Referring expression grounding data:
══════════

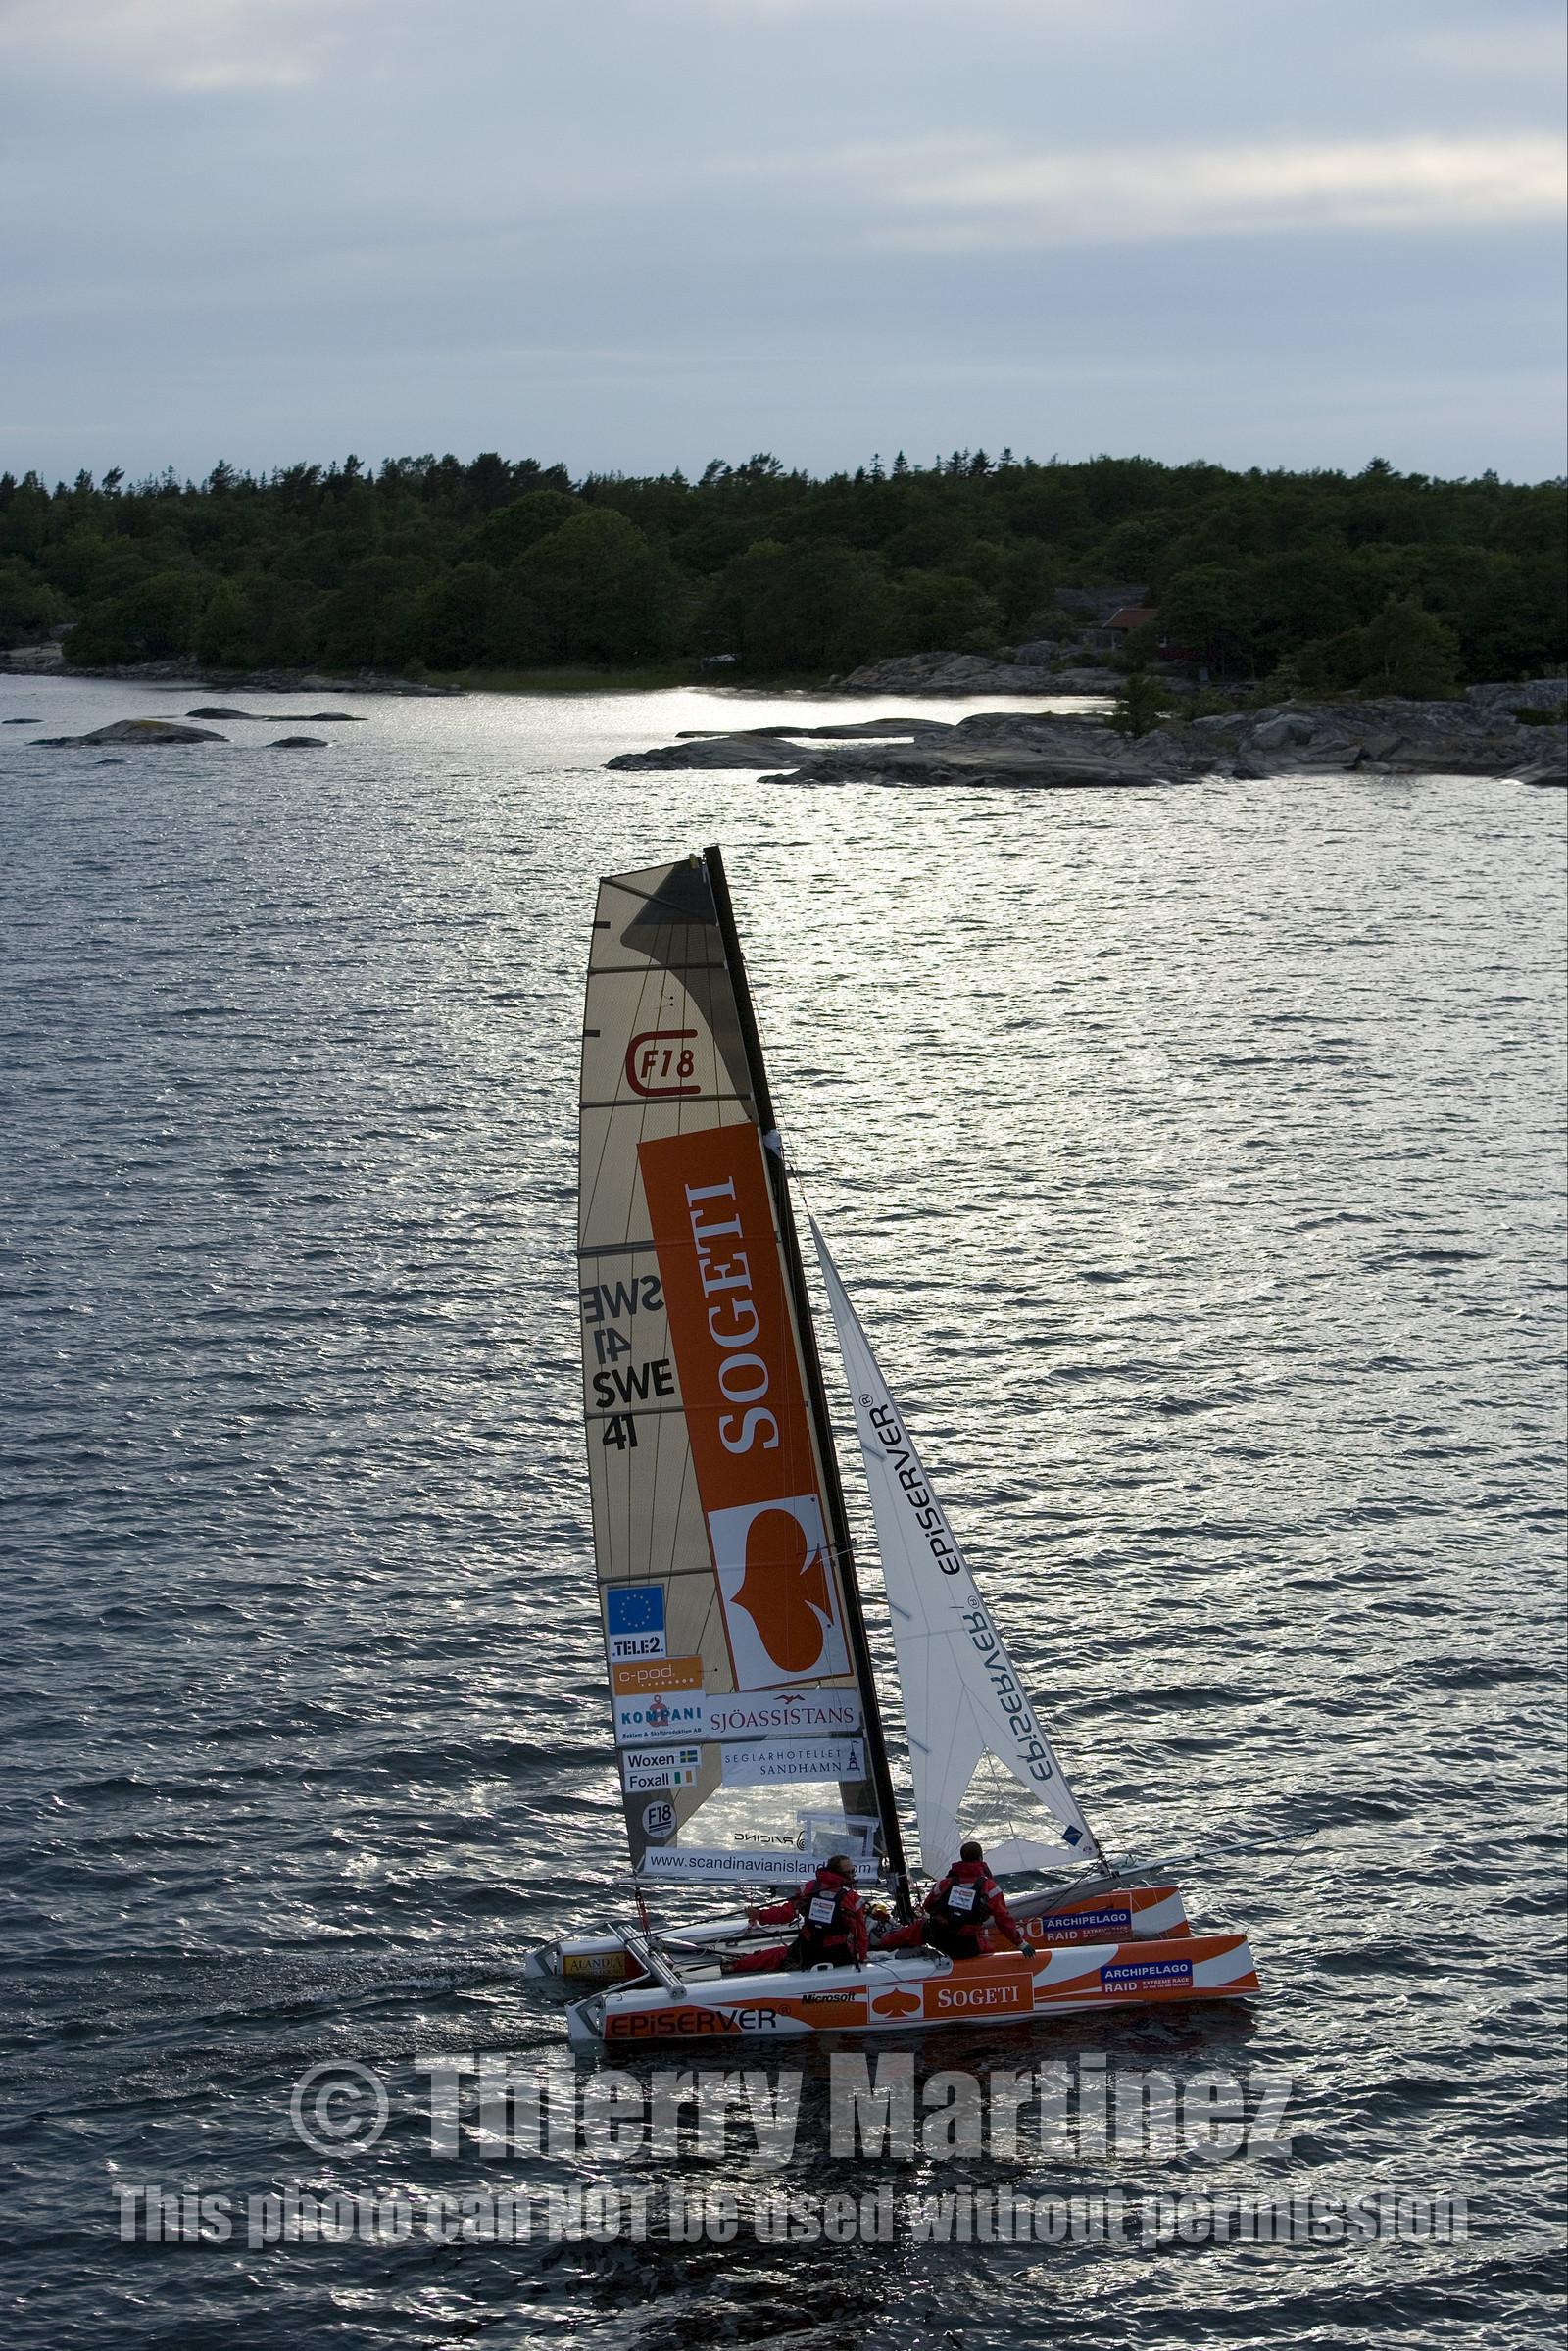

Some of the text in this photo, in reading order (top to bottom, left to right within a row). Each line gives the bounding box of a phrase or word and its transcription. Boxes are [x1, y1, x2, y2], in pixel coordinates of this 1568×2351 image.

[640, 1049, 695, 1079] F18
[685, 1175, 779, 1454] SOGETI
[592, 1358, 675, 1409] SWE
[602, 1412, 638, 1451] 41
[621, 1707, 702, 1725] KOMPANI
[710, 1705, 855, 1733] SJÖASSISTANS
[627, 1753, 675, 1768] Woxen
[725, 1749, 842, 1764] SEGLARHOTELLET
[760, 1762, 843, 1776] SANDHAMN
[629, 1773, 669, 1788] Foxall
[648, 1804, 671, 1825] F18
[1046, 1913, 1127, 1929] ARCHIPELAGO
[1047, 1931, 1078, 1941] RAID
[1104, 1964, 1189, 1979] ARCHIPELAGO
[1104, 1982, 1138, 1993] RAID
[802, 1991, 856, 2004] Microsoft
[937, 1985, 1019, 2009] SOGETI

══════════

## [WHAT TO PRODUCE]
Render all entries verbatim, excluding any pictures they hold.

## [RESPONSE]
Some of the text in this photo, in reading order (top to bottom, left to right within a row). Each line gives the bounding box of a phrase or word and its transcription. Boxes are [x1, y1, x2, y2], in pixel coordinates of this 1568×2351 image.

[640, 1049, 695, 1079] F18
[685, 1175, 779, 1454] SOGETI
[592, 1358, 675, 1409] SWE
[602, 1412, 638, 1451] 41
[621, 1707, 702, 1725] KOMPANI
[710, 1705, 855, 1733] SJÖASSISTANS
[627, 1753, 675, 1768] Woxen
[725, 1749, 842, 1764] SEGLARHOTELLET
[760, 1762, 843, 1776] SANDHAMN
[629, 1773, 669, 1788] Foxall
[648, 1804, 671, 1825] F18
[1046, 1913, 1127, 1929] ARCHIPELAGO
[1047, 1931, 1078, 1941] RAID
[1104, 1964, 1189, 1979] ARCHIPELAGO
[1104, 1982, 1138, 1993] RAID
[802, 1991, 856, 2004] Microsoft
[937, 1985, 1019, 2009] SOGETI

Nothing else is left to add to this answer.